■ **TO DO**
Omit every image, and transcribe the remaining entries exactly as given.

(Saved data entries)
==================================================

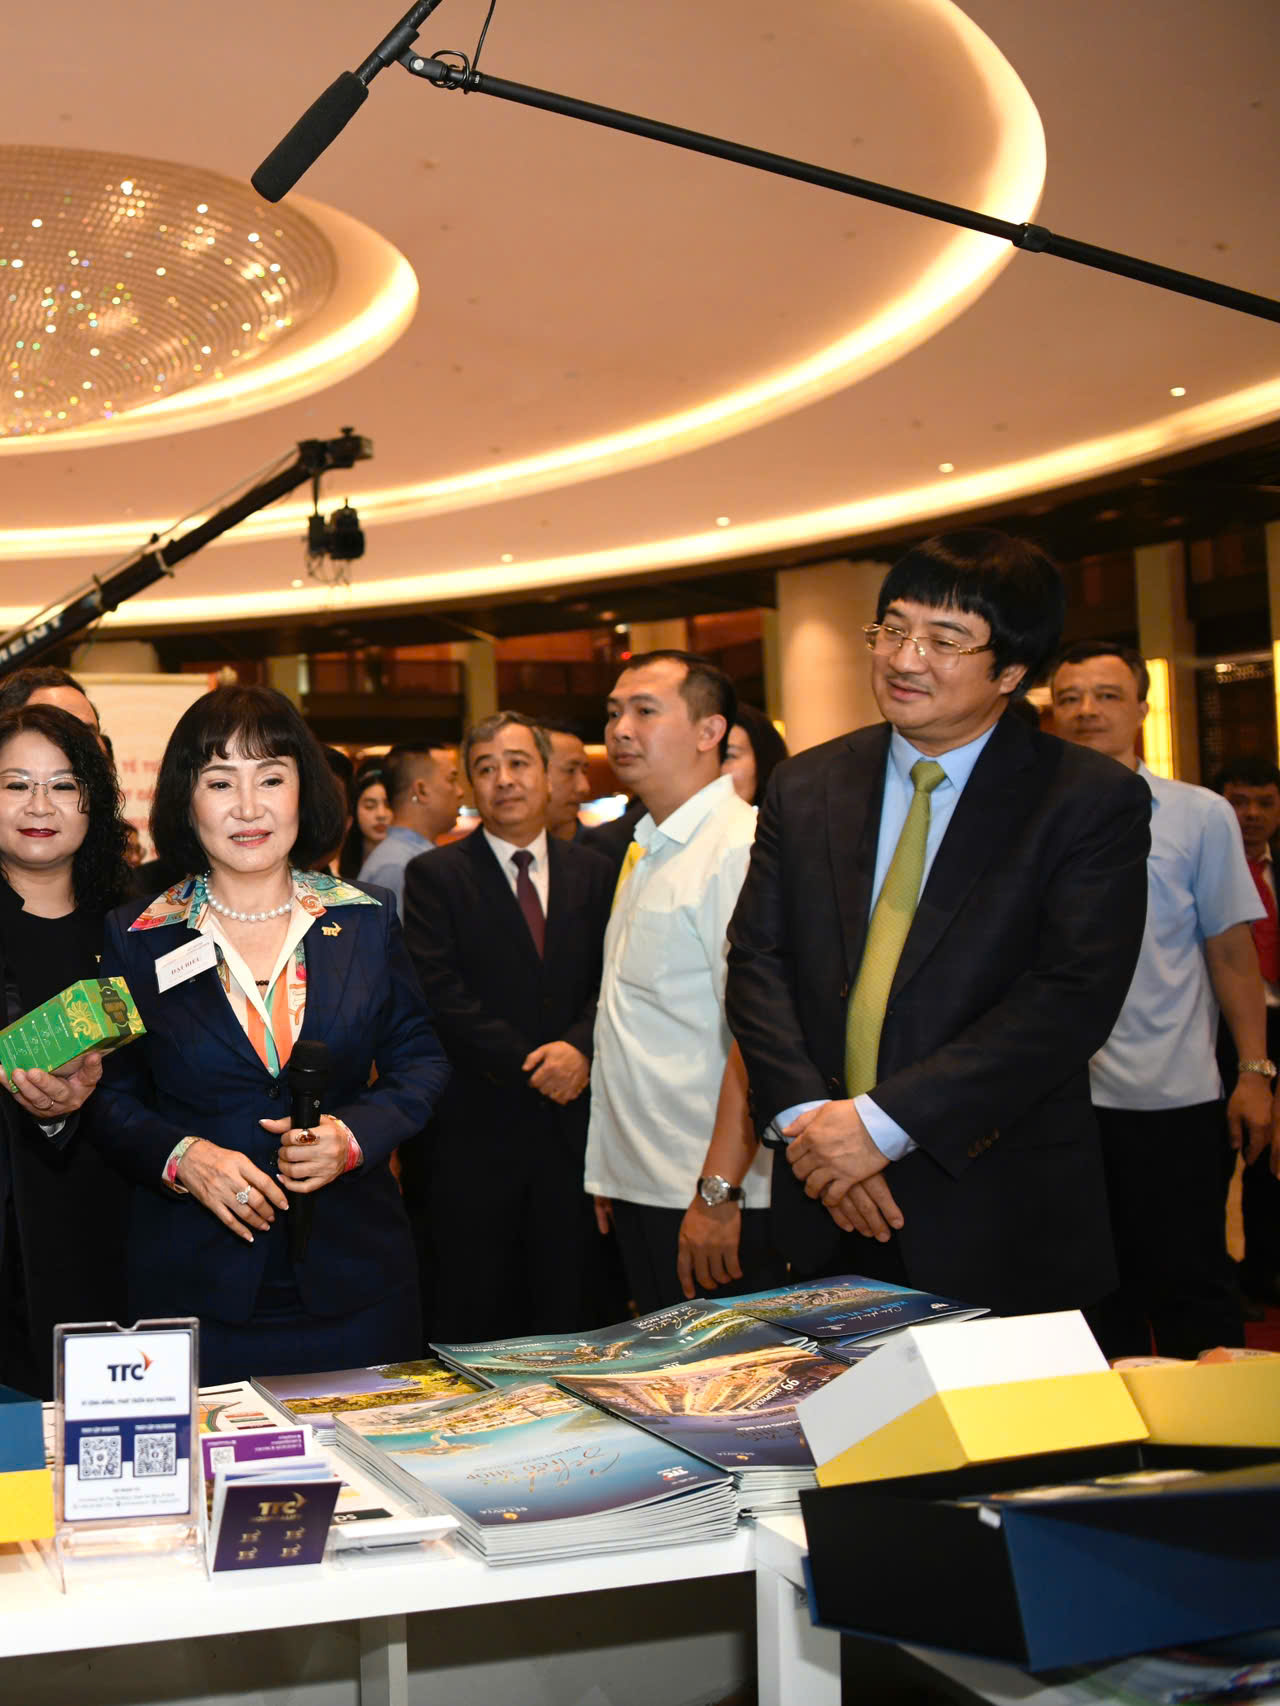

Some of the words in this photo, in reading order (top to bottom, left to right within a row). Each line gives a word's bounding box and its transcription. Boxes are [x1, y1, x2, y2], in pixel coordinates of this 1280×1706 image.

[107, 1362, 145, 1382] TTC
[780, 1377, 800, 1392] 99
[750, 1386, 783, 1411] SHOPHOUSE
[258, 1500, 297, 1516] TTC

==================================================

■ **WRITTEN REPLY**
Some of the words in this photo, in reading order (top to bottom, left to right within a row). Each line gives a word's bounding box and its transcription. Boxes are [x1, y1, x2, y2], in pixel coordinates of this 1280×1706 image.

[107, 1362, 145, 1382] TTC
[780, 1377, 800, 1392] 99
[750, 1386, 783, 1411] SHOPHOUSE
[258, 1500, 297, 1516] TTC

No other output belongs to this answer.